Johnny Gruelle, (1880-1938), Raggedy Ann and Andy’s creator, was a freelance cartoonist and editorial illustrator for the Indianapolis Star, the Cleveland Press and The New York Herald. He was born in Illinois and moved to Indianapolis when he was 2. Gruelle’s father, Richard (1851-1914) was an artist who painted in Brown County. He exhibited with The Hoosier Group.
Gruelle named the doll Raggedy Ann after two poems by his friend James Whitcomb Riley, “The Raggedy Man” and “Orphan Annie.” The first book about his doll was published in 1918. Raggedy Ann was created in 1920. Gruelle wrote and illustrated many storybooks featuring Raggedy Ann and Andy.

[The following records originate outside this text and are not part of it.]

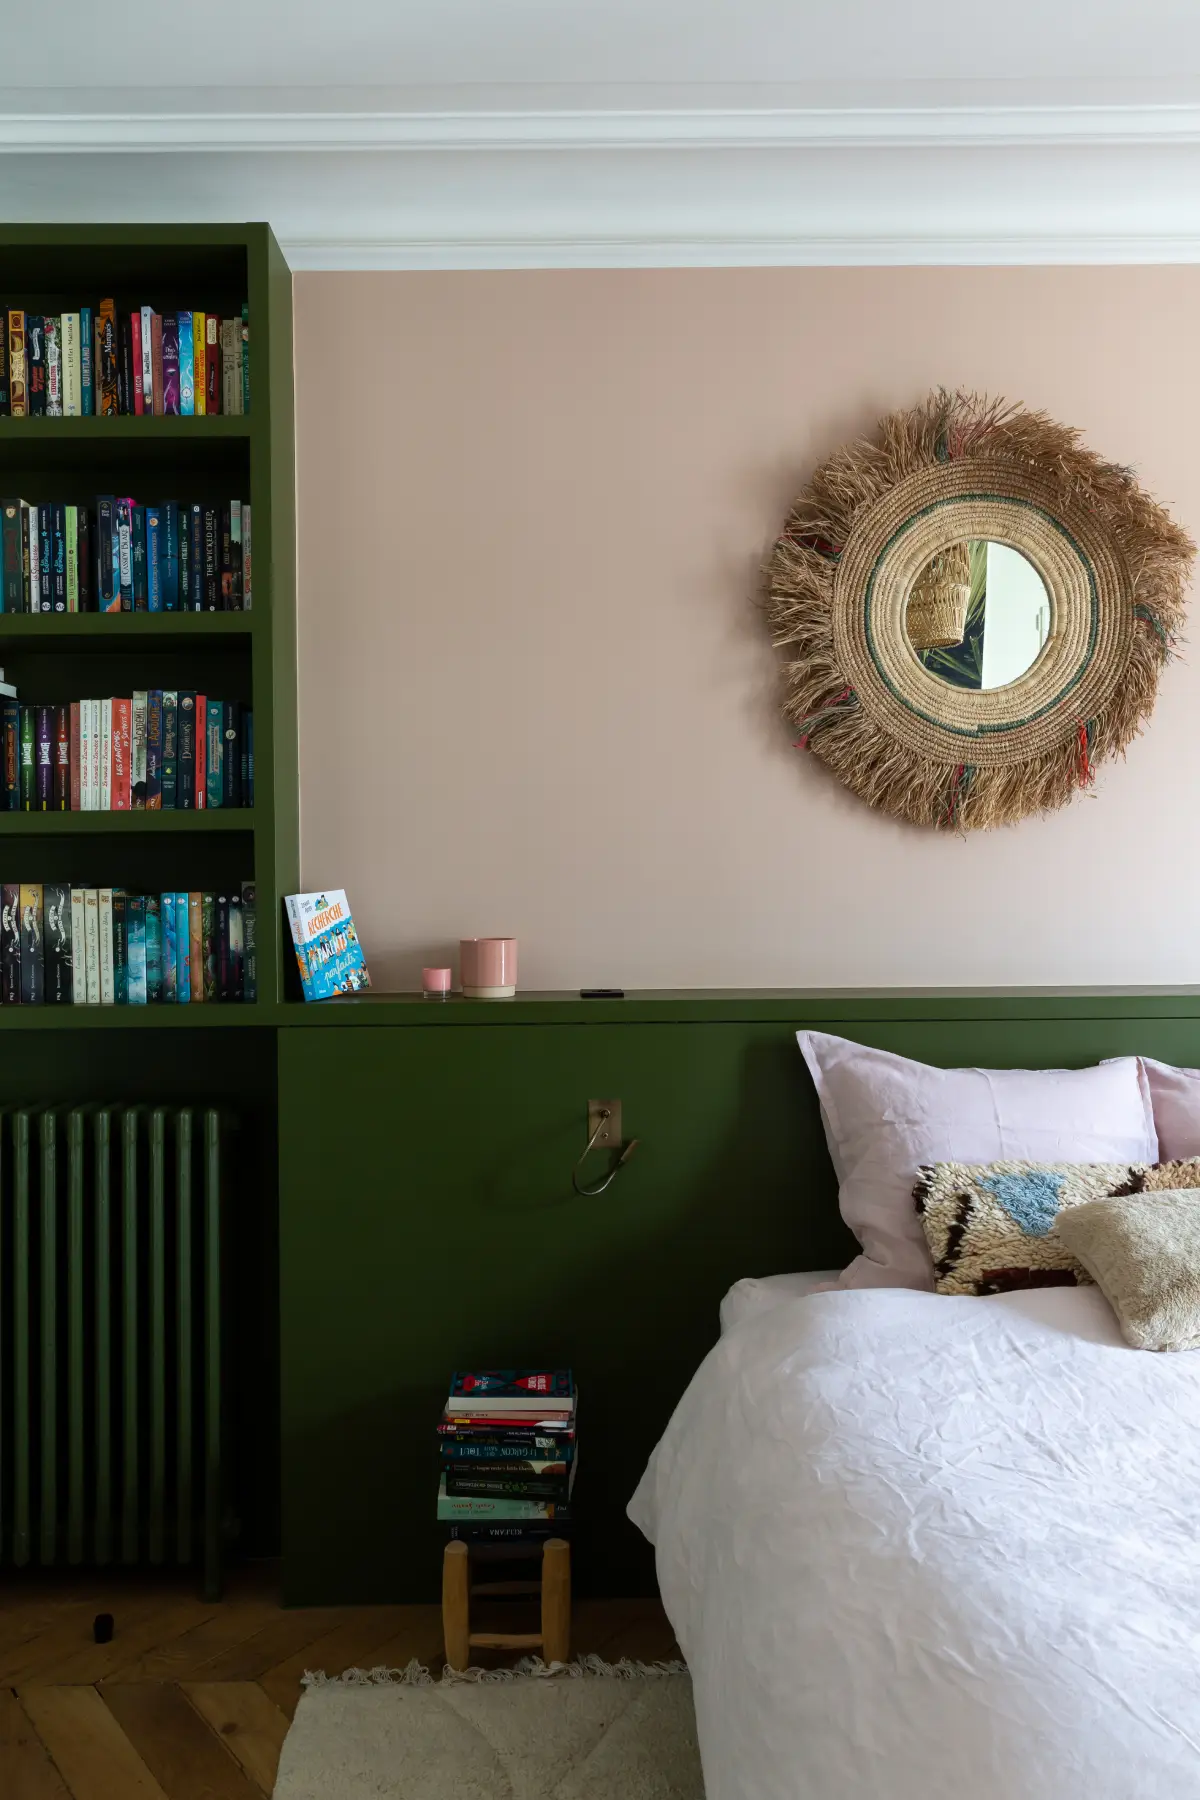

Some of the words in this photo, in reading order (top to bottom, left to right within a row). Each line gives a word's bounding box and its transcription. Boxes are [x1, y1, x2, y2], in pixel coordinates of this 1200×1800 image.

[81, 347, 90, 387] QUINTLAND
[204, 511, 212, 531] DEEP
[119, 527, 127, 550] BLAKE
[204, 533, 212, 562] WICKED
[120, 552, 128, 575] CASSIDY
[132, 707, 144, 747] L'ACADÉMIE
[21, 742, 32, 766] MANOIR
[39, 742, 50, 765] MANOIR
[58, 742, 68, 765] MANOIR
[115, 763, 123, 775] LES
[307, 902, 344, 936] RECHERCHE
[318, 933, 348, 963] PARENTS
[324, 952, 356, 988] parfaits
[459, 1447, 480, 1456] TOUT

Gruelle received a patent for the Raggedy Ann doll in 1915. After his death, other family members of the Gruelle family continued publishing books of stories about the dolls.

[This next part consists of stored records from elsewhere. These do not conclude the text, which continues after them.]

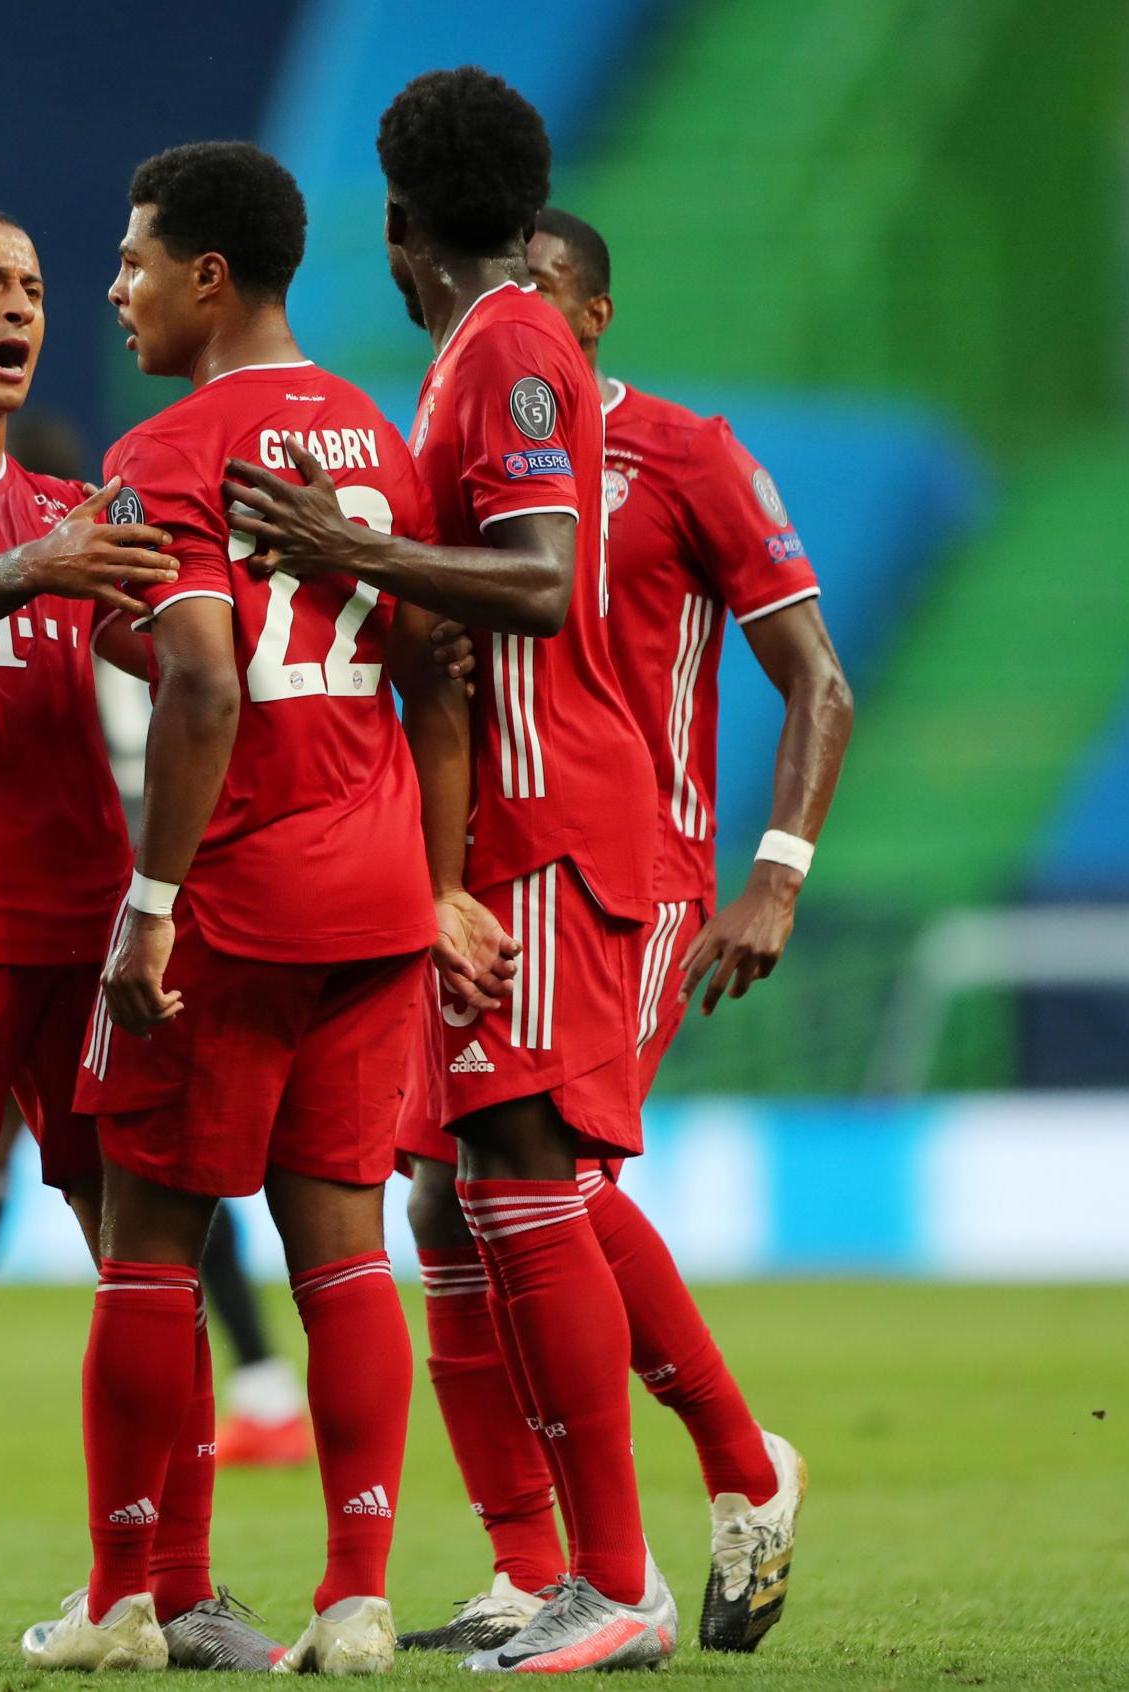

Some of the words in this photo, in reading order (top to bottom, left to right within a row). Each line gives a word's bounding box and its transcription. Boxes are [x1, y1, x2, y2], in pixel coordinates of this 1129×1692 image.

[532, 406, 543, 423] 5
[228, 486, 393, 702] 22
[449, 1060, 495, 1073] adidas
[197, 1442, 216, 1457] FC
[109, 1511, 159, 1525] adidas
[343, 1503, 392, 1518] adidas

Gruelle’s hometown, Arcola, Illinois, was home of the annual Raggedy Ann & Andy Festival and the Raggedy Ann and Andy Museum. The museum was closed and the festival discontinued in 2009. Some of the museum’s contents were donated to The Strong National Museum of Play. Other parts of the collection are in Arcola at Rockome Gardens theme park.
On March 27, 2002, Raggedy Ann was inducted into the National Toy Hall of Fame.
Linda and Tom Bauer of Brown County have donated their Raggedy Ann and Andy collection to the Brown County Historical Society. This extensive, beautiful collection has been on display in the Brown County History Center.
You can’t imagine the variety of pieces — everything you can think of — in this collection. With summer break from school, this would be a perfect time to bring the family to see the collection.
It is refreshing to report that Raggedy Ann and Andy have endured these decades and are very much alive and well. My great-granddaughter, Alanna, received a Raggedy Ann doll for her first birthday just last weekend. When she opened the doll, there were no more gifts as far as she was concerned. Needless to say, at least one Raggedy Ann doll will be at home with Alanna as she grows up.
The History Center is at 90 E. Gould St. Hours are 11 a.m. to 4 p.m. Wednesday, Friday, Saturday and Sunday. The Brown County Archives, on the second level, are open Tuesdays and Fridays from 1 to 4 p.m. We also have a Pioneer Village that is open on the same days as the History Center; however you may walk through them on any day.